To tell you the truth, I don't really see the connection between this shape and a palm tree. A little research revealed that this is quite the stealthy cookie, also going by the aliases of Palm Leaf, Elephant Ear, Butterfly and Angel's Wing, which are cute enough though they don't make much sense either. But hey, who am I to question the etymology of such a lovely confection?
In my cookbook, the recipe explains how to make savory bites in the shape of palmiers by spreading olive oil and dried herbs on store-bought puff pastry, rolling it up from both sides, then slicing and baking the slices, that turn out palmier-shaped. I've made it several times with great success : they are easy as a breeze, look pretty and very professional in that I-can't-believe-you-made-these-yourself way, and taste delicious.
But the trait I love the most in this recipe is its versatility : the dough can be spread with pretty much anything, be it flavored oil, tapenade, sun-dried tomato paste, nut butter, mustard, onion confit, or any other type of spread, then sprinkled with whatever suits your fancy : herbs, cheese, nuts, little bits of bacon... Savory palmiers are best served slightly warm, but room-temp is fine too.
And of course, the recipe lends itself to an infinity of sweet versions, one of which I came up with the other day : finding myself with leftover pie dough and having bought a rather unreasonable amount of candied orange peel and chocolate chips for my Christmas baking, I decided to make chocolate and orange palmier cookies. (This barely put a dent on my supply of chocolate and orange peel, but I can certainly live with that.)
I love the mix of orange and chocolate, and these crunchy little cookies, with the velvety chocolate chips and the chewy bits of orange peel, were excellent. Served with an after-dinner cup of coffee to a few friends, they disappeared quite swiftly.
Petits Palmiers Chocorange
- 250 g pie dough (this is the amount you would make for a pie) : puff pastry (pâte feuilletée) or regular pie dough (pâte brisée or pâte sablée), store-bought or homemade.
- a handful of chocolate chips
- a handful of candied orange peel strips
- 2 TBSP unsweetened cocoa powder
- 2 TBSP brown sugar : demerera sugar (or any unrefined sugar) gives the best results, as its crystals stay a little crunchy when cooked.
- 30 g (1/4 stick) lightly salted butter
Melt the butter in a small ramequin (don't your ramequins just love me?) in the microwave or "au bain-marie" : put the ramequin in a small saucepan filled with a little water, over medium heat.

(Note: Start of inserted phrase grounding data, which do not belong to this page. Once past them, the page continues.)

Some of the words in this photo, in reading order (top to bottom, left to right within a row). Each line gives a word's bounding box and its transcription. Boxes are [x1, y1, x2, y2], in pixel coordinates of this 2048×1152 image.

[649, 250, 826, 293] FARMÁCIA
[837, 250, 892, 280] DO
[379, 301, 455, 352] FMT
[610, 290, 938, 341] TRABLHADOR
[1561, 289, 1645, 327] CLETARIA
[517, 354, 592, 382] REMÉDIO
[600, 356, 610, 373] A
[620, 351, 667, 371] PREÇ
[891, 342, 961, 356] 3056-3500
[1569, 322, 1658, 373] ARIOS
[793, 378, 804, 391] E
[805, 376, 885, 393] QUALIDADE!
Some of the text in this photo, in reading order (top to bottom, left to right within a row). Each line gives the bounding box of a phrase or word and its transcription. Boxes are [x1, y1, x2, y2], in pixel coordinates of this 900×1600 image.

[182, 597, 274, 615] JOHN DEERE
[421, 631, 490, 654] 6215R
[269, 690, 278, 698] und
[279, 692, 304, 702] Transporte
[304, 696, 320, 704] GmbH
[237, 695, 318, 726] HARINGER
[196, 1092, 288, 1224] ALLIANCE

Roll out the pie dough on a lightly floured surface. If you can, roll it out (roughly) into a square. But if it is store-bought and already rolled out into a circle, that's fine. Using a brush (or the back of a small spoon), spread a little butter all over the dough. Sprinkle the cocoa powder and sugar evenly on it.

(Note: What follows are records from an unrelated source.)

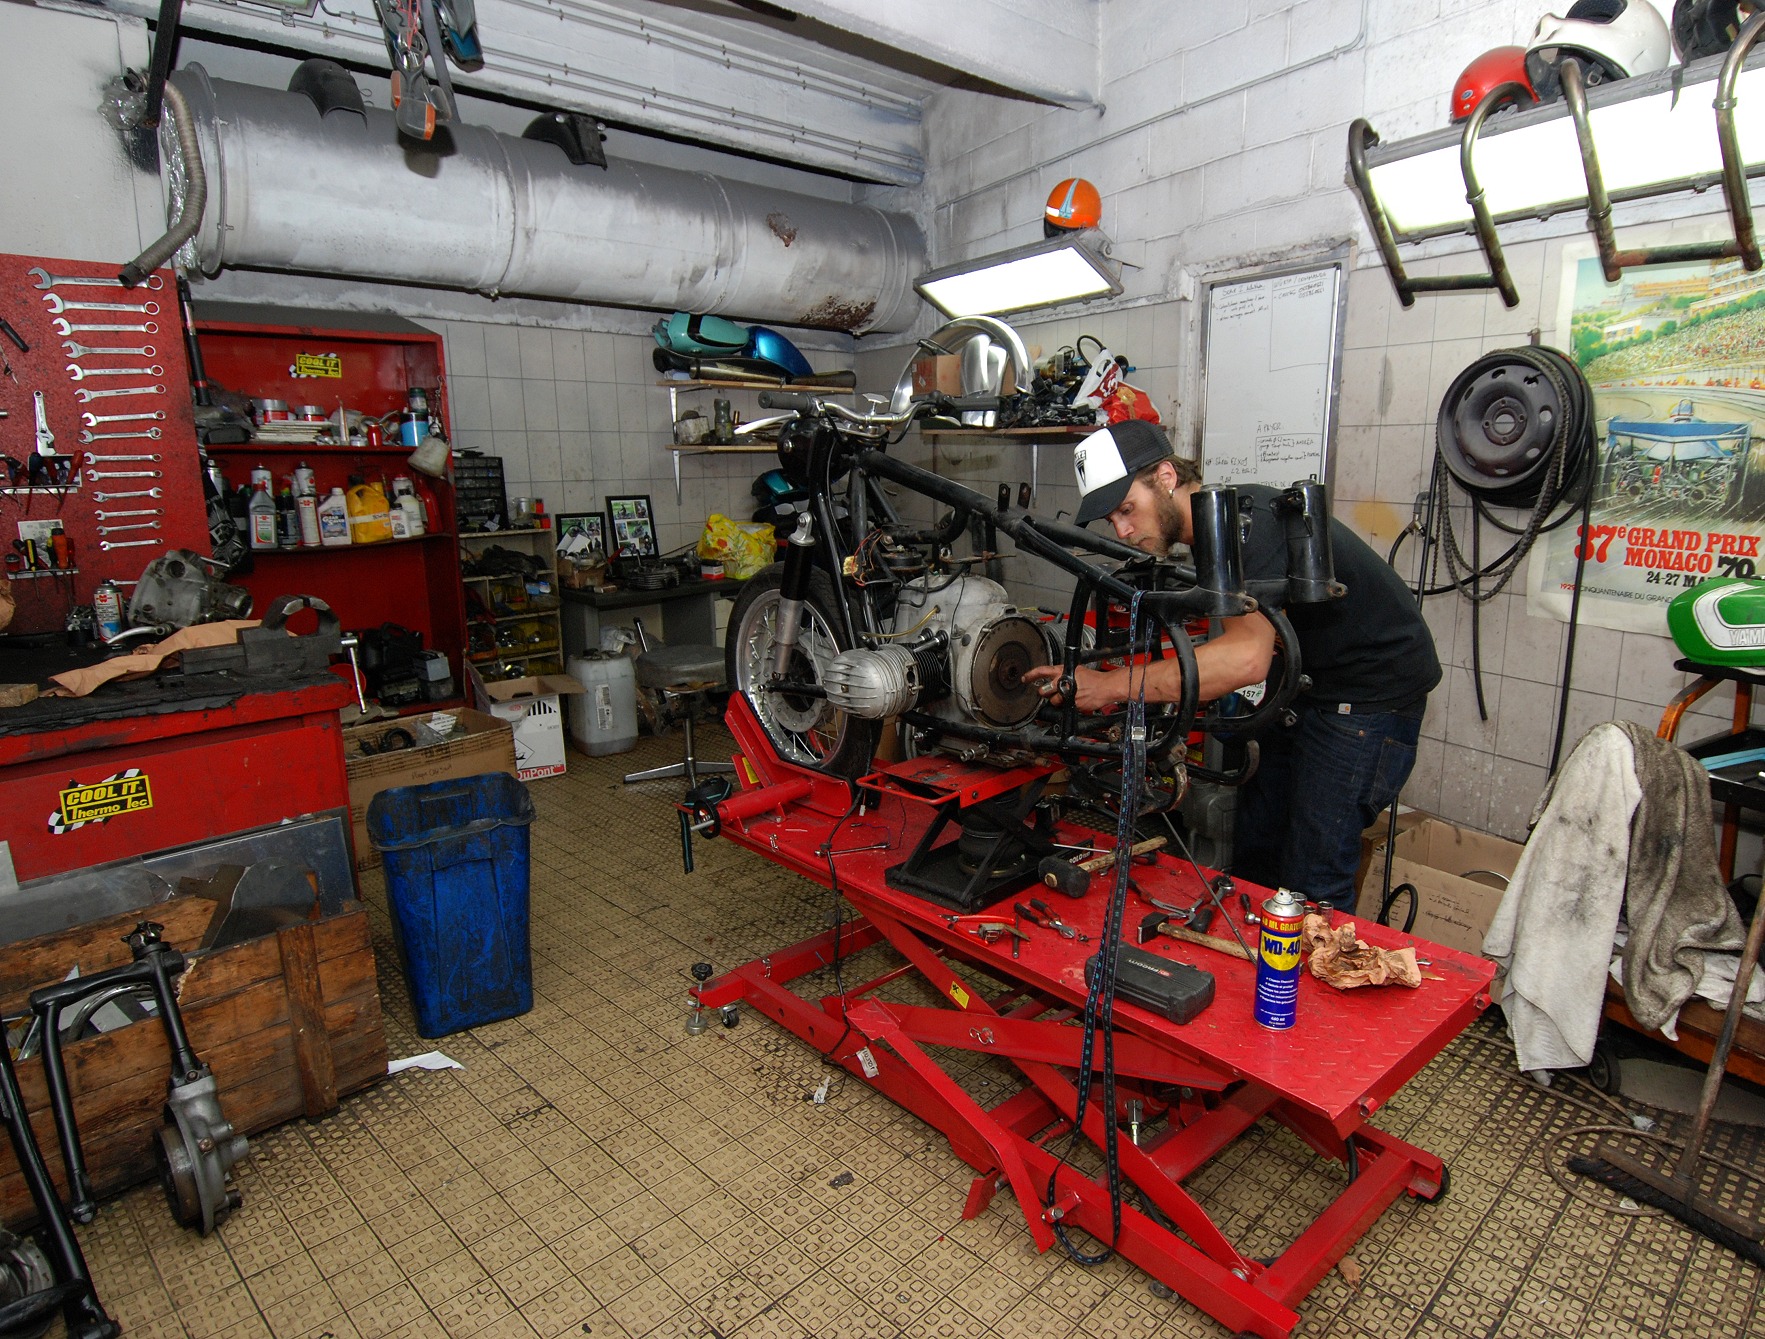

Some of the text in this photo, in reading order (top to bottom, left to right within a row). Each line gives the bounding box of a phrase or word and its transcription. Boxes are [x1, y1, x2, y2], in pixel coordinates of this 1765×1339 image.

[299, 357, 337, 367] COOL IT
[1627, 527, 1702, 551] GRAND
[1704, 532, 1761, 557] PRIX
[1623, 547, 1713, 574] MONACO
[1646, 571, 1712, 587] 24-27 MA
[1580, 585, 1633, 599] CINQUANTENAIRE
[1646, 594, 1673, 604] GRAND
[66, 780, 140, 806] COOL IT
[66, 796, 148, 820] Thermo Tec
[1263, 935, 1301, 956] WD-40

Lay the chocolate chips and orange peel strips on the surface of the dough, arranging them in vertical lines of chocolate or orange, about two centimeters (1/2'') apart from one another.
Starting on the right hand side, start rolling the dough onto itself (jelly-roll style) into a tight log. While you roll it, the log will "swallow" the lines of chocolate and orange one after the other. Stop when you have rolled half the dough. Proceed to do the same from the left hand side, rolling the rest of the dough to meet the first half. You should now have a log of dough, with a slit down the middle.
Wrap it in parchment paper or plastic wrap and put it in the freezer for 20 minutes to harden.
Preheat the oven to 200°C (400°F). Prepare a cookie sheet lined with a silicon baking mat or parchment paper. Take the log out of the freezer and unwrap it. Using a sharp knife, cut it in slices about 5 mm thick (1/6''). Lay the slices on the cookie sheet, spacing them a bit. Don't worry if they are not in a perfect palmier shape yet, they will bloom into it while they bake.
Brush the tops of the palmiers with the remaining butter, and bake for about twelve minutes, or until they have turned a little golden. Turn out onto a rack to cool, and serve with tea or coffee.